QUELLES SONT LES AUTRES MENTIONS DE L’ISLAM ?
Certains textes réservent les plus hautes fonctions à des musulmans : au président de la République
dans plusieurs pays, à l’héritier du trône au Qatar. En Jordanie, au Koweït et à Oman, le souverain
doit être "de père et de mère musulmans". "Même si les autres Constitutions ne l’imposent pas
expressément, il demeure qu’en pratique la candidature et plus encore l’élection d’un non-musulman
est difficilement imaginable", relève par ailleurs Nathalie Bernard-Maugiron. Enfin, d’autres pays –
Yémen, Égypte – prévoient la prestation d’un serment religieux pour le président de la République,
voire les ministres ou les parlementaires. Sans toutefois que cela empêche des non-musulmans
d’accéder à ces fonctions.
Enfin, la référence à l’islam est souvent utilisée pour conditionner l’exercice de droits et libertés : le
respect des droits de l’homme (en Arabie saoudite), de l’égalité entre l’homme et la femme (en
Égypte, Bahreïn ou en Iran) se fait "conformément" ou "sans préjudice des principes de la charia
islamique". En Iran et en Arabie saoudite, l’islam oriente également la politique étrangère, qui doit
rechercher l’unification de la communauté musulmane (la oumma).
Enfin, certaines institutions islamiques traditionnelles – comme l’aumône ou les peines corporelles
prévues par le Coran pour quelques infractions comme le vol, la consommation de vin ou l’apostasie
au Soudan – sont parfois mentionnées. "Mais dans la plupart des pays, on n’en est plus là", affirme
Jean-Philippe Bras.
QUELLES SONT LES RÉFÉRENCES À LA CHARIA ?

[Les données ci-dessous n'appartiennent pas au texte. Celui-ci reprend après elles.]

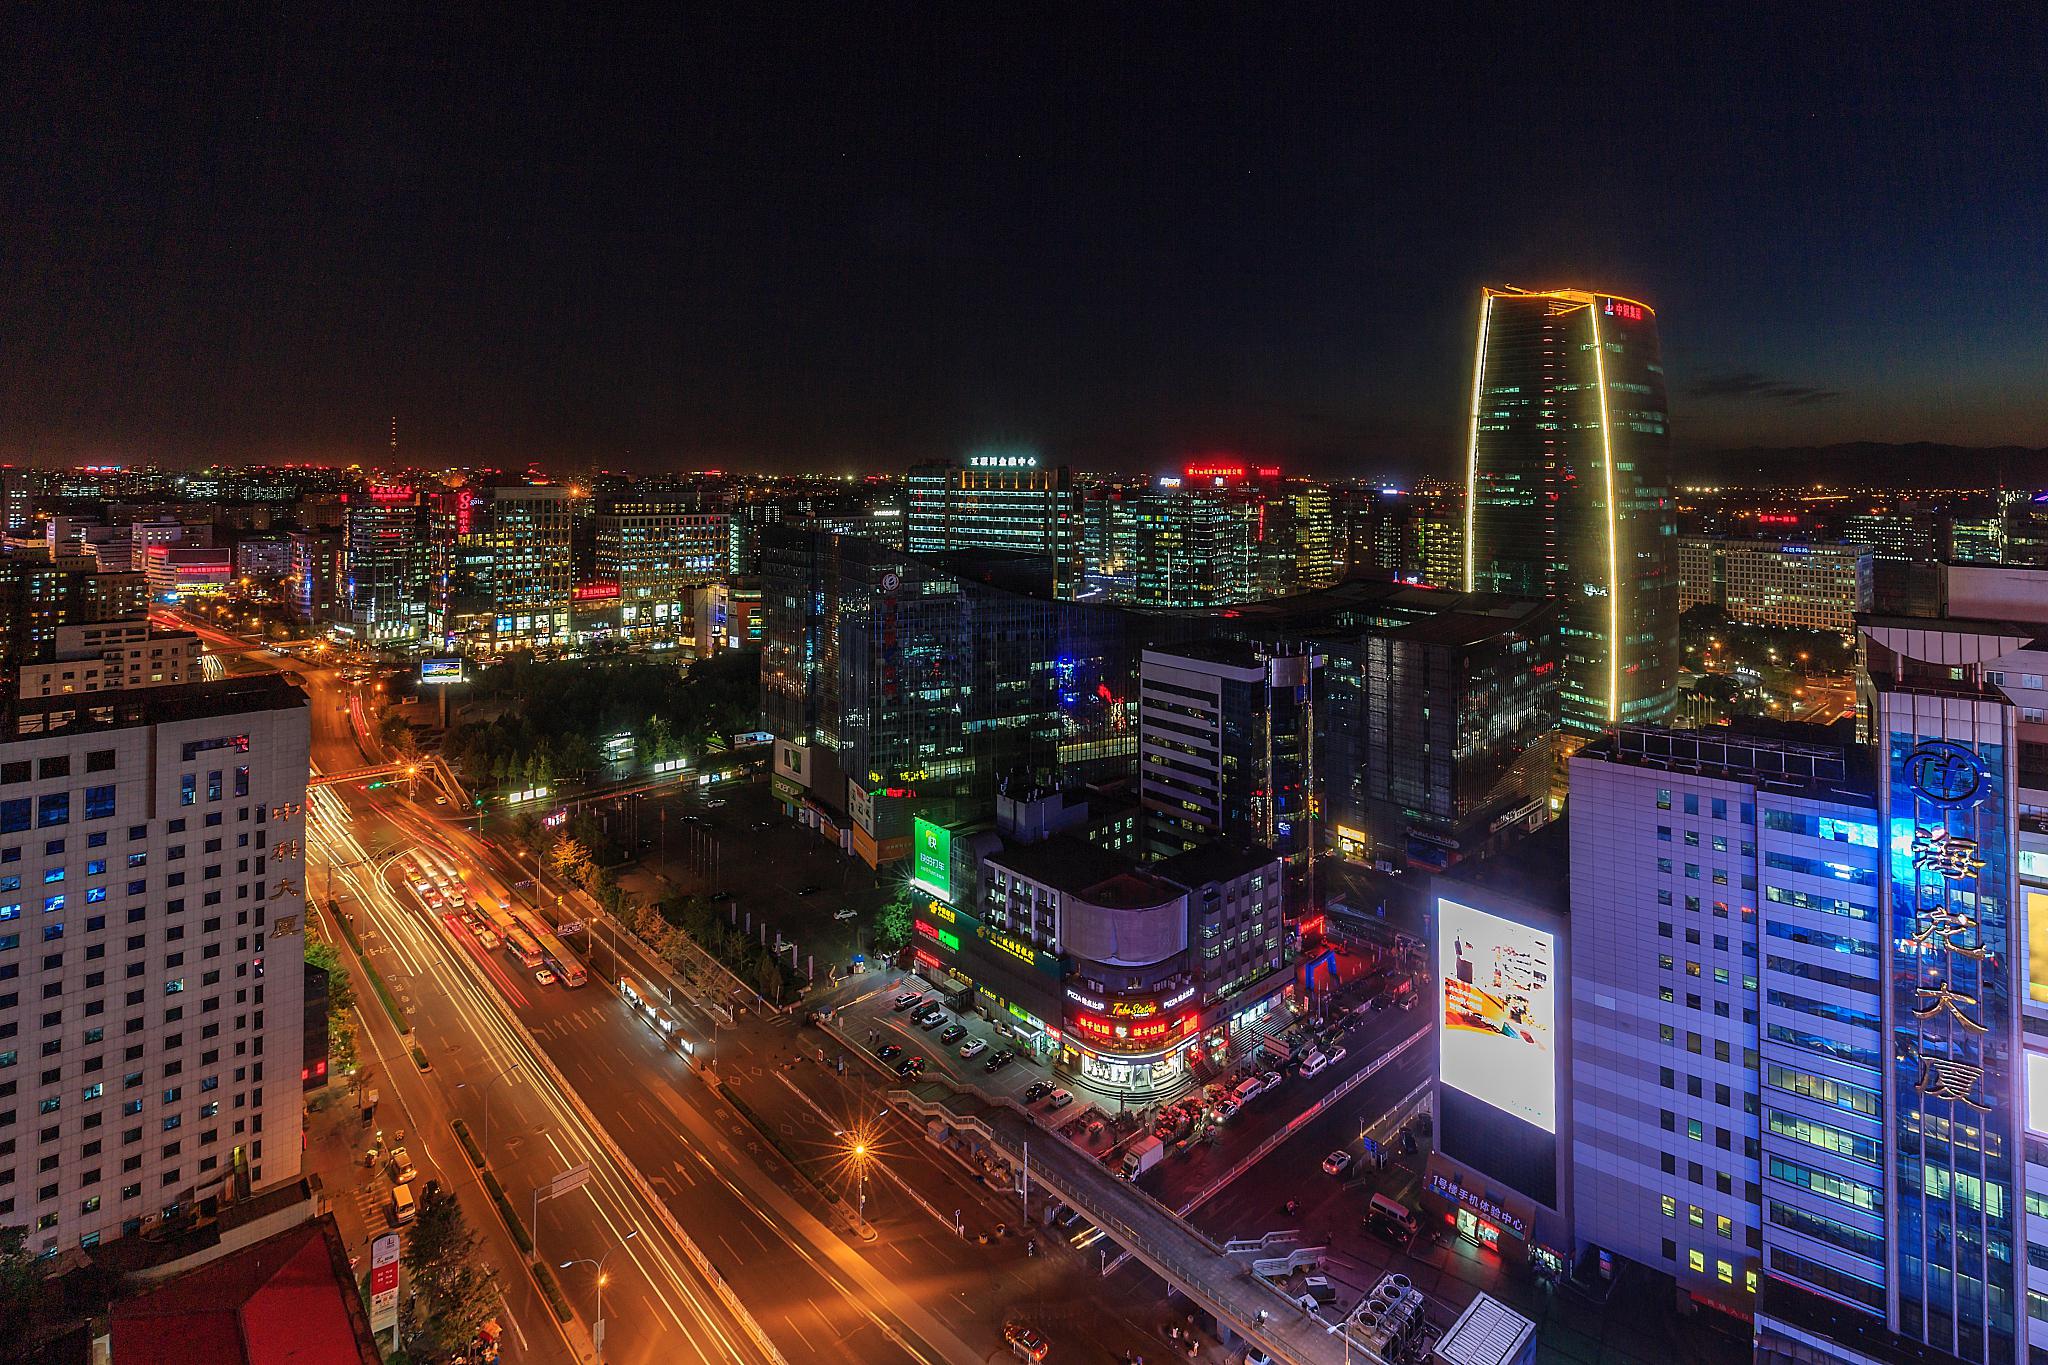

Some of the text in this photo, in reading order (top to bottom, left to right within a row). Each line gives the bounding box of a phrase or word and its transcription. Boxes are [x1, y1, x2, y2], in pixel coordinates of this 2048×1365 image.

[971, 457, 1037, 466] 互联网金融中心
[775, 780, 790, 793] acer
[269, 801, 302, 939] 中科大厦
[1067, 989, 1081, 1002] PIZZA
[1131, 1003, 1156, 1015] Station
[1163, 997, 1178, 1009] PIZZA
[1433, 1175, 1523, 1232] 1号楼手机体验中心
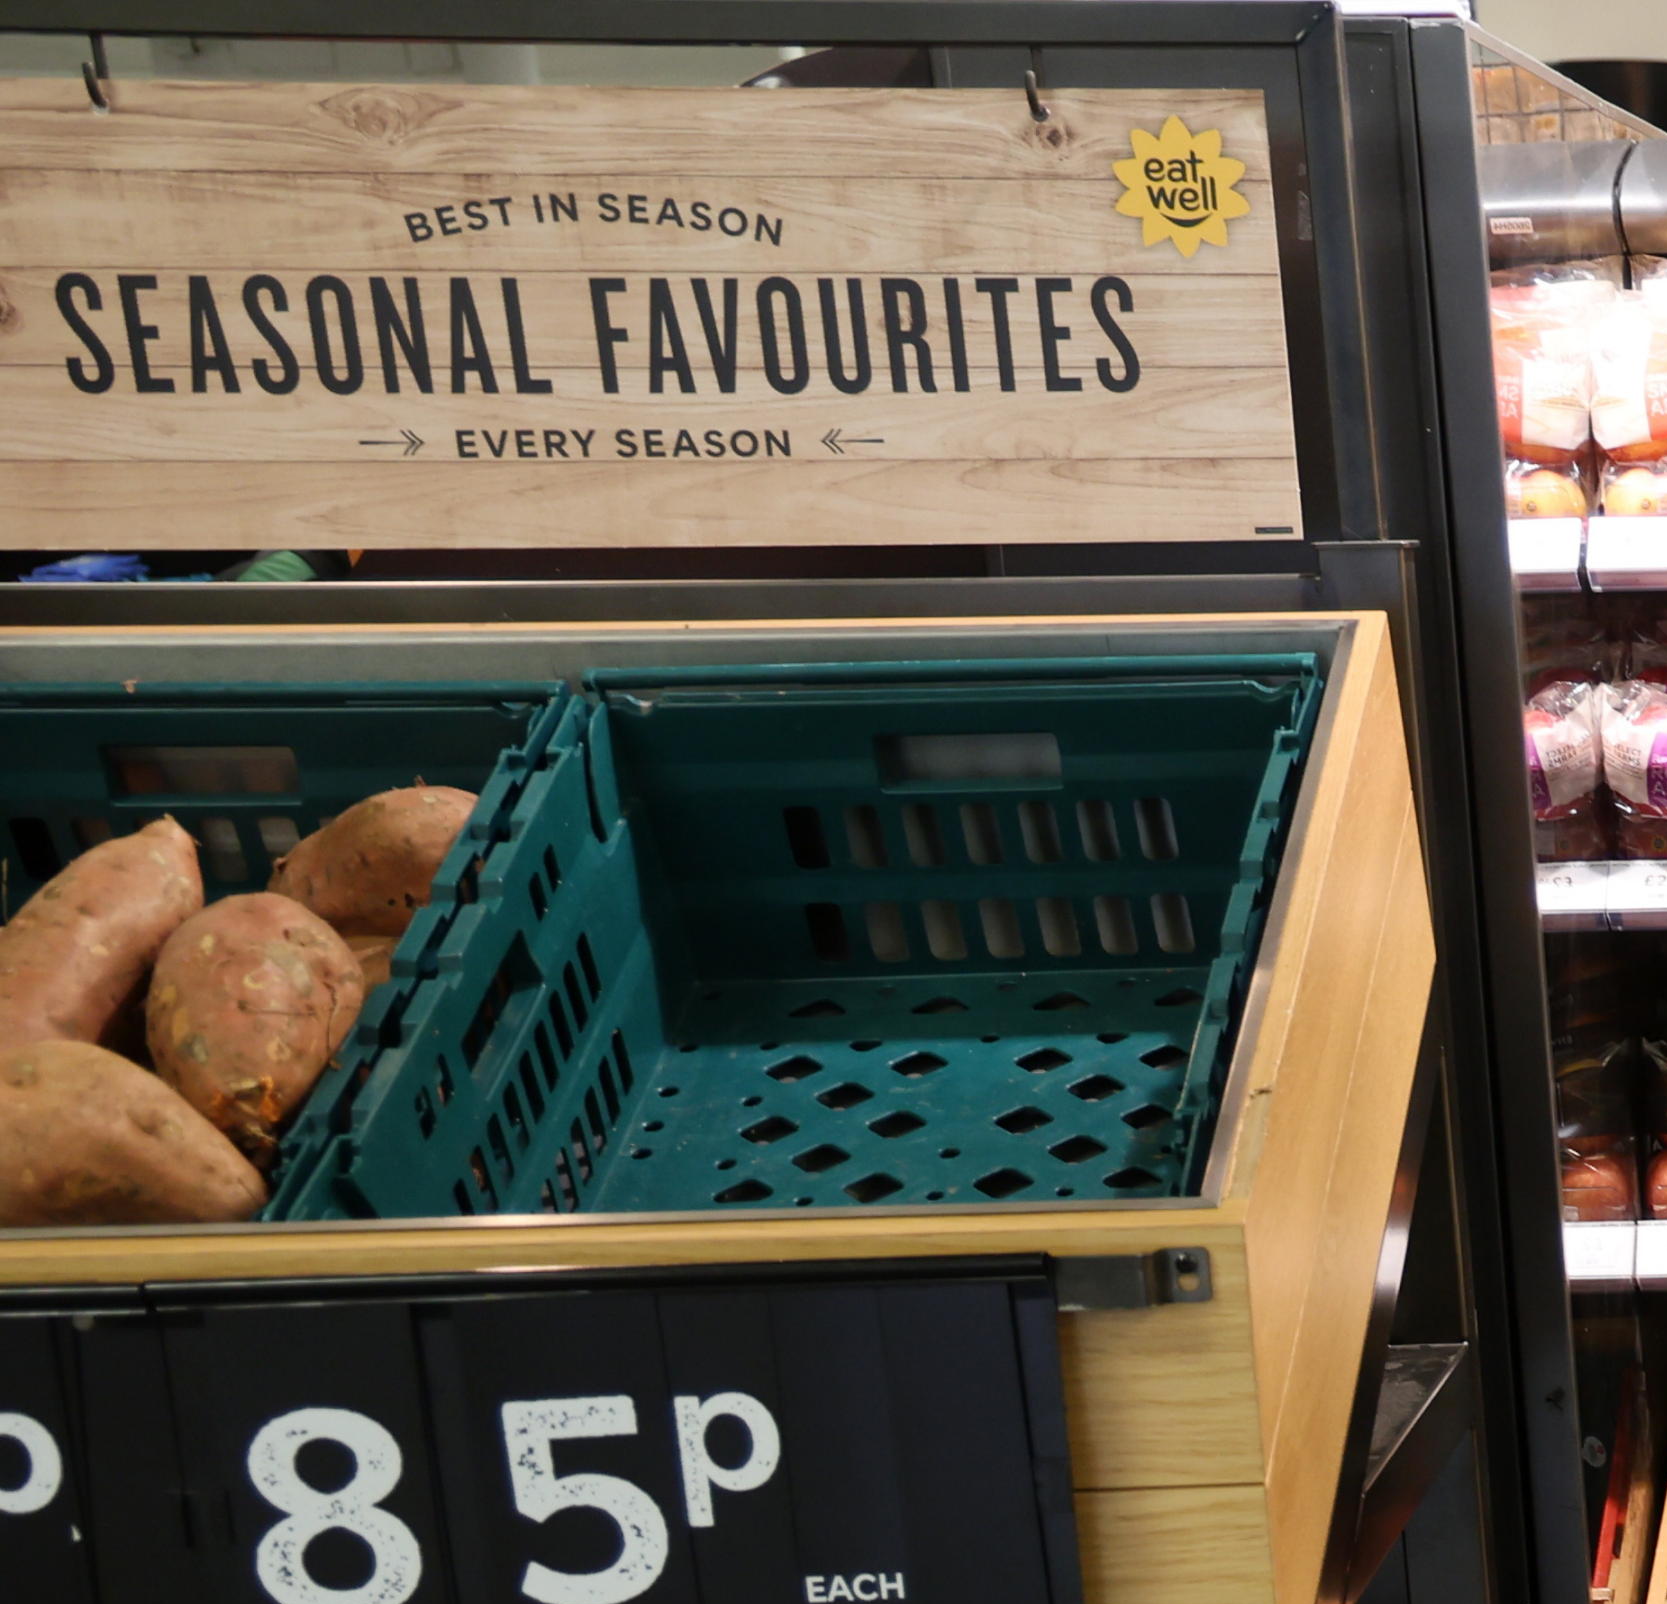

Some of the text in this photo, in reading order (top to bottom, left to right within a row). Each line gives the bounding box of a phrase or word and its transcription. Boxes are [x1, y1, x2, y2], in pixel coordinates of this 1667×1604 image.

Elles sont extrêmement variées. Une dizaine d’États n’y font aucune référence dans leur
Constitution : Algérie, Maroc, Tunisie (où, après d’âpres débats, elle ne devrait pas figurer dans le
nouveau texte) mais aussi Mali, Niger, Tchad, Indonésie ou encore Turquie. À l’inverse, en Arabie
saoudite, le Coran et la Sunna (la tradition) font office de Constitution, en vertu de la loi fondamentale
adoptée par le roi en 1993. Une vingtaine d’autres lui confèrent une valeur normative mais sans
toujours préciser sa place par rapport aux autres normes.